NUBO addresses the need for accessible Bayesian optimization of expensive black-box functions by delivering a transparent, modular Python package built on Torch and GPyTorch. It combines GP surrogates with analytical and Monte Carlo acquisition functions to support sequential, parallel, asynchronous, constrained, and mixed optimization in bounded spaces. The paper demonstrates competitive performance against more complex BO tools while emphasizing simplicity, readability, and reproducibility, illustrated through a detailed six-dimensional case study. Practically, NUBO lowers the barrier to applying Bayesian optimization in scientific computing and experiments, enabling researchers to tailor optimization loops with building blocks and clear documentation. The work suggests future directions toward multi-fidelity, multi-objective, and high-dimensional scenarios to broaden applicability.

Abstract

NUBO, short for Newcastle University Bayesian Optimization, is a Bayesian optimization framework for optimizing expensive-to-evaluate black-box functions, such as physical experiments and computer simulators.

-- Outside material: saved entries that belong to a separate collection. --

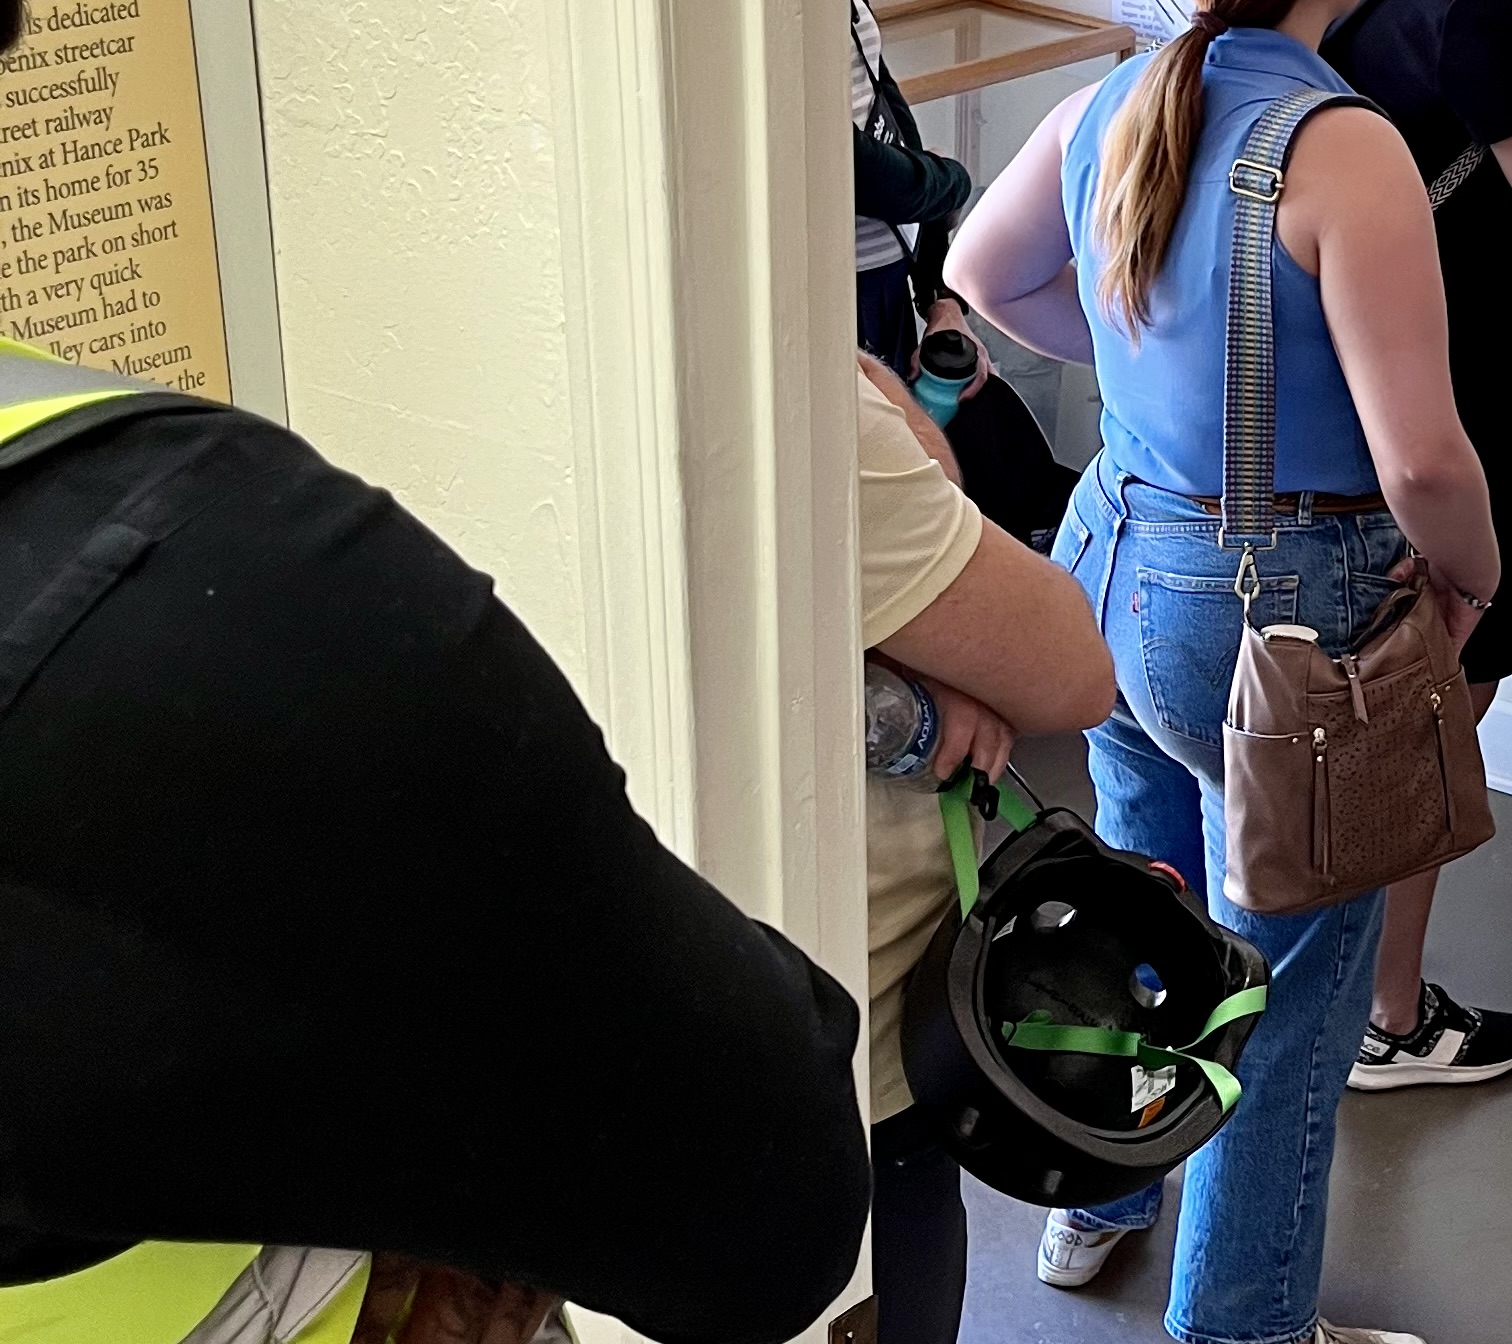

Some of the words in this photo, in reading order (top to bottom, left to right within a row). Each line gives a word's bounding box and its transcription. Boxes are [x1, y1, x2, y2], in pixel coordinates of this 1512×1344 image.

[54, 36, 135, 66] streetcar
[6, 66, 119, 108] successfully
[0, 118, 40, 143] reet
[45, 106, 114, 136] railway
[38, 148, 56, 170] at
[61, 137, 123, 165] Hance
[127, 122, 172, 151] Park
[17, 186, 40, 208] its
[43, 176, 101, 202] home
[105, 164, 132, 189] for
[137, 157, 159, 182] 35
[11, 217, 43, 243] the
[48, 198, 133, 235] Museum
[137, 192, 172, 214] was
[17, 250, 48, 276] the
[53, 236, 98, 274] park
[102, 235, 126, 254] on
[131, 220, 178, 248] short
[27, 289, 38, 306] a
[42, 277, 84, 302] very
[90, 258, 143, 296] quick
[10, 307, 98, 341] Museum
[101, 289, 138, 320] had
[142, 290, 160, 308] to
[89, 331, 126, 354] cars
[130, 320, 167, 344] into
[111, 344, 193, 377] Museum
[178, 368, 206, 392] the
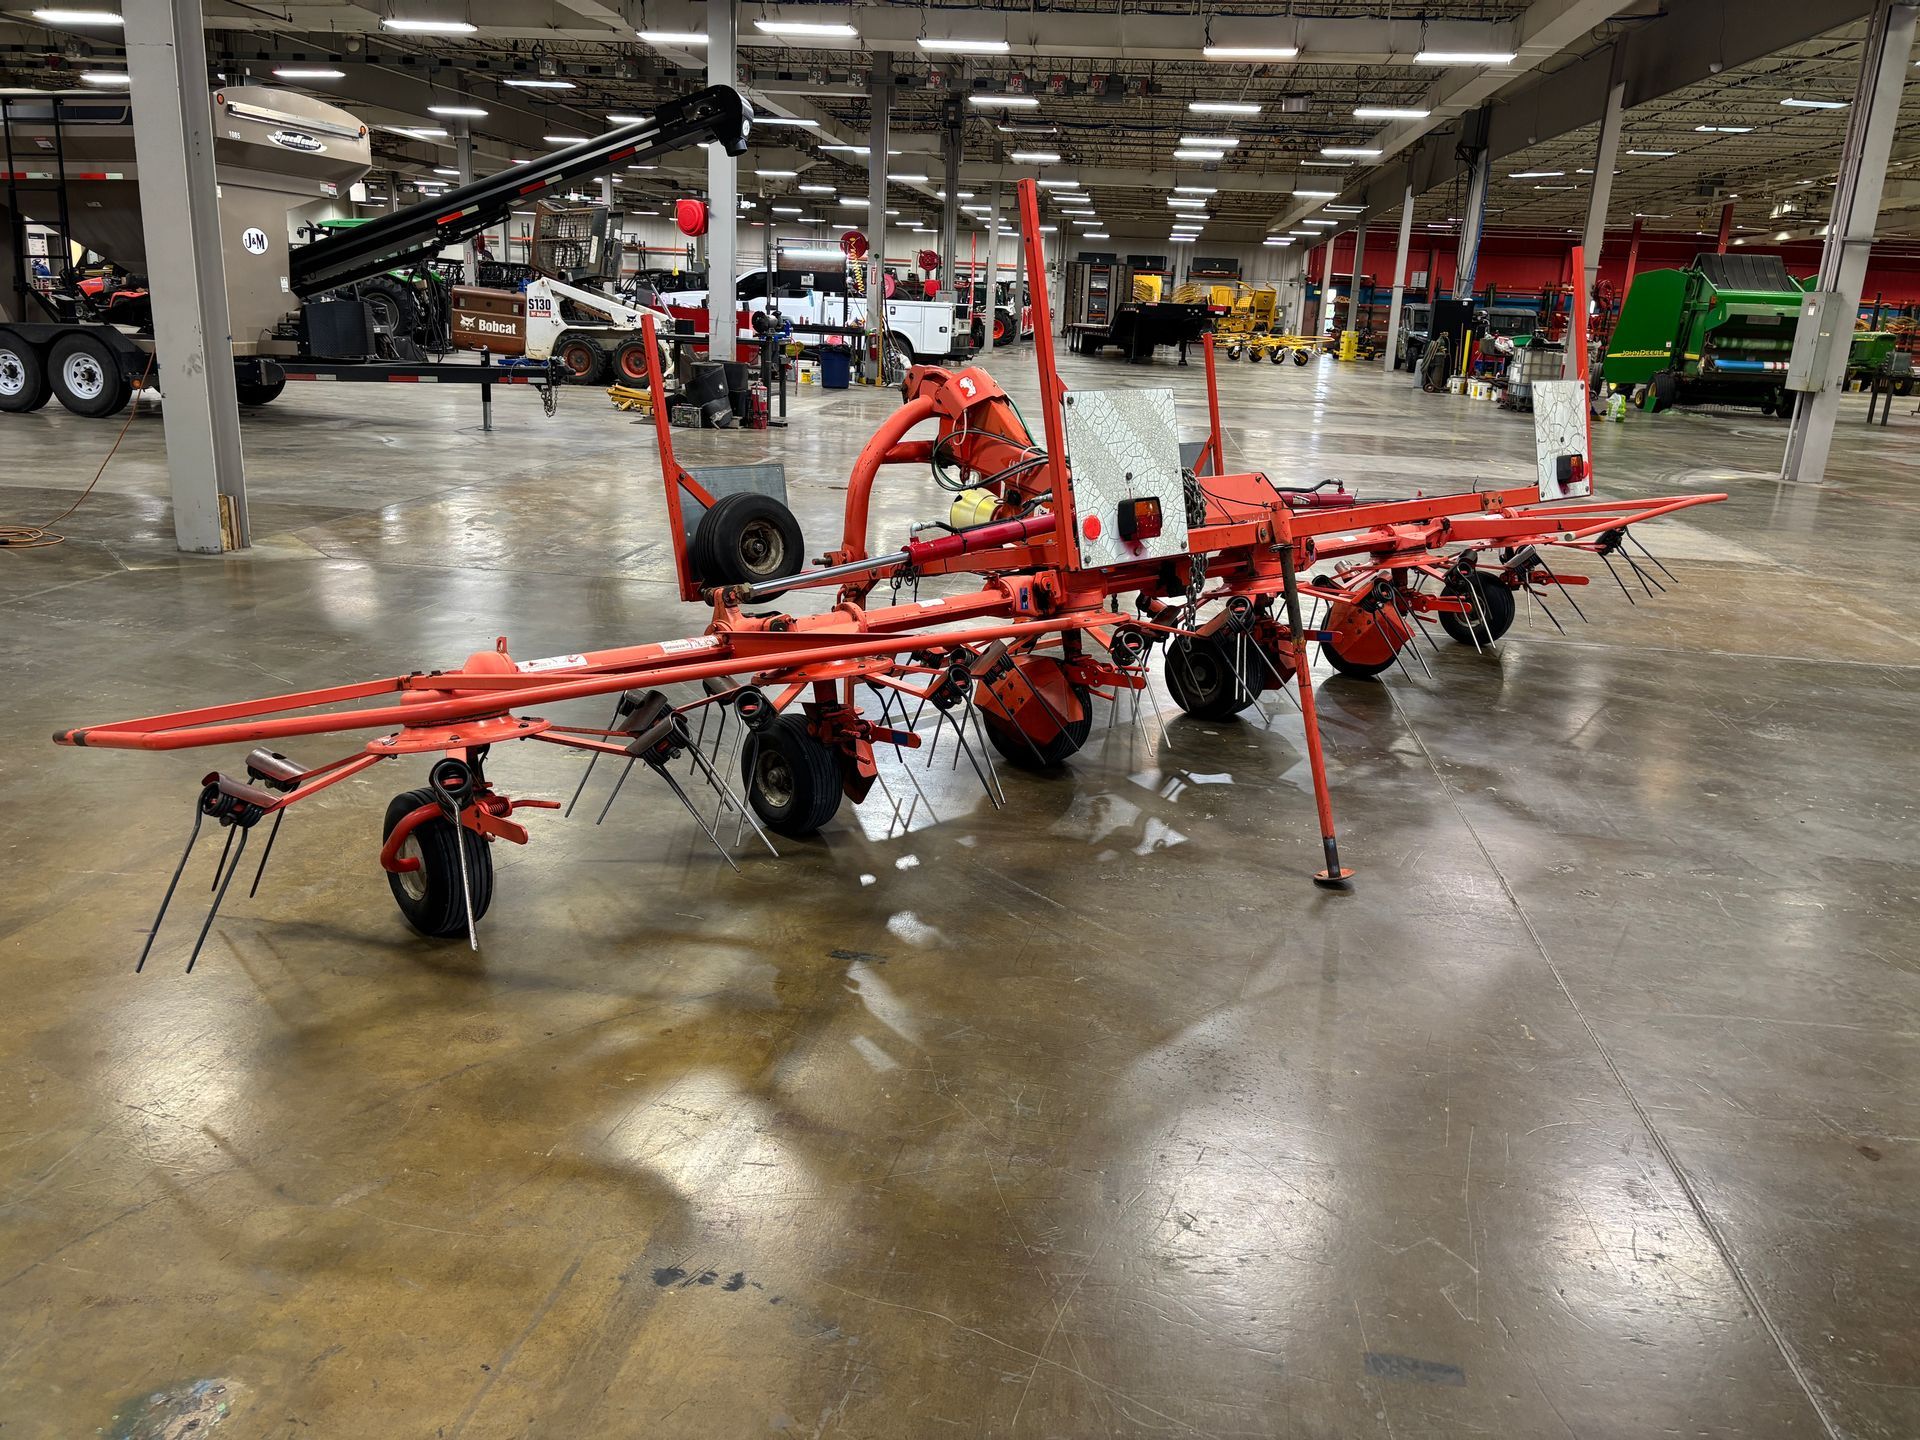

Bayesian optimization is a cost-efficient optimization strategy that uses surrogate modeling via Gaussian processes to represent an objective function and acquisition functions to guide the selection of candidate points to approximate the global optimum of the objective function. NUBO focuses on transparency and user experience to make Bayesian optimization accessible to researchers from all disciplines. Clean and understandable code, precise references, and thorough documentation ensure transparency, while a modular and flexible design, easy-to-write syntax, and careful selection of Bayesian optimization algorithms ensure a good user experience. NUBO allows users to tailor Bayesian optimization to their problem by writing a custom optimization loop using the provided building blocks. It supports sequential single-point, parallel multi-point, and asynchronous optimization of bounded, constrained, and mixed (discrete and continuous) parameter input spaces. Only algorithms and methods extensively tested and validated to perform well are included in NUBO. This ensures that the package remains compact and does not overwhelm the user with an unnecessarily large number of options. The package is written in Python but does not require expert knowledge of Python to optimize simulators and experiments. NUBO is distributed as open-source software under the BSD 3-Clause license.

Figures (5)

• Figure 1: Comparison of different Python packages for Bayesian optimization. A) Sequential single-point optimization on the 2D Levy function; B) Sequential single-point optimization on the 6D Hartmann function; C) Parallel multi-point optimization with a batch size of four on the 2D Levy function; D) Parallel multi-point optimization with a batch size of four on the 6D Hartmann function.
• Figure 2: Bayesian optimization applied to a 1-dimensional function with one local and one global maximum. Upper confidence bound is used as the acquisition function. The input space is bounded by $[0, 10]$.
• Figure 3: NUBO flowchart. Overview of the recommended algorithms for specific problems. Start in yellow, decisions in blue, and recommended algorithm in green.
• Figure 4: Latin hypercube sampling compared to random sampling.
• Figure 5: Results of the Bayesian optimization algorithm implemented with NUBO, as defined in this case study, compared to random sampling and Latin hypercube sampling.